Releasing (maintainers)

.github/workflows/release.yml runs on any v* tag and produces everything:

Job Output
debian .deb packages for PostgreSQL 16/17/18 (Debian bookworm / PGDG), built in a debian:bookworm container with packaging/build-deb.sh
docker ghcr.io/<owner>/pg_table_range:18, :vX.Y.Z, :latest (PostgreSQL 18 + PostGIS + the extension)
github-release attaches the .debs to the GitHub Release
pgxn validates META.json, bundles the source, and uploads it to PGXN

workflow_dispatch runs debian + docker as a dry run (no pushes), to validate packaging without cutting a release.
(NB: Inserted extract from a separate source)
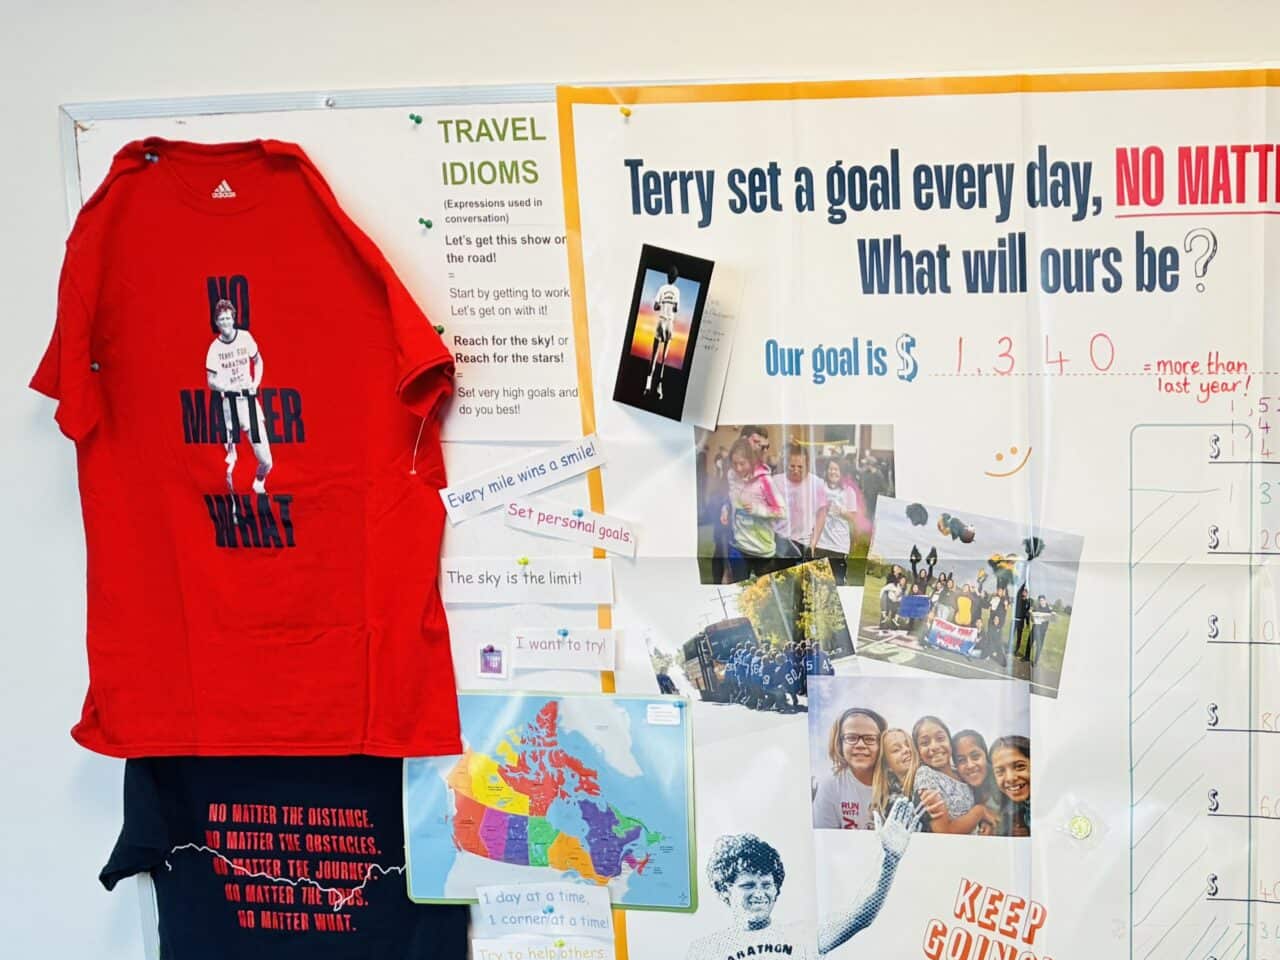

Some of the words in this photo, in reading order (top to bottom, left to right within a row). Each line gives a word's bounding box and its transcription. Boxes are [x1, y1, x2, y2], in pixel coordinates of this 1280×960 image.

One-time setup: add two repository secrets, PGXN_USERNAME and PGXN_PASSWORD, from a PGXN Manager account. (The Docker push uses the built-in GITHUB_TOKEN; ensure the repo allows GitHub Actions to publish packages.)

To cut a release:

  1. Bump the version in Cargo.toml and META.json (keep them identical; the .control file’s default_version is filled from Cargo.toml at build time).
  2. Commit, then tag and push — the tag without its leading v must equal the META.json version:
   git tag v0.1.0 && git push origin v0.1.0

META.json describes the PGXN distribution; PLAN.md and .github/ are excluded from the published tarball via .gitattributes.

Limitations

  • Lock-table wall on many partitions. Both CREATE INDEX … USING table_range and queries on a non-key column lock every partition at once, so on the default max_locks_per_transaction = 64 they fail (out of shared memory) at roughly a few thousand partitions. Raise max_locks_per_transaction (needs a restart) — see Scaling for sizing. Native partition-key pruning does not have this limit; table_range is for the cases native pruning cannot handle.
  • Pruning is a planning-time cost / execution-time win tradeoff: on small partitions the per-plan overhead can exceed the scan it saves. Measure with table_range.enable_pruning.
  • NOT IN / <> ALL, NOT (...), expression predicates, and parameterized prepared-statement plans are kept rather than pruned.
  • Inserts keep summaries current incrementally, but deletes only relax them (the summary can stay wider than the live data until a VACUUM/REINDEX re-tightens it) — always correct, just potentially less selective.
  • Pruning engages only while the index is valid (indisvalid); the planner ignores invalid indexes, so anything that invalidates a table_range index silently disables its pruning until rebuilt.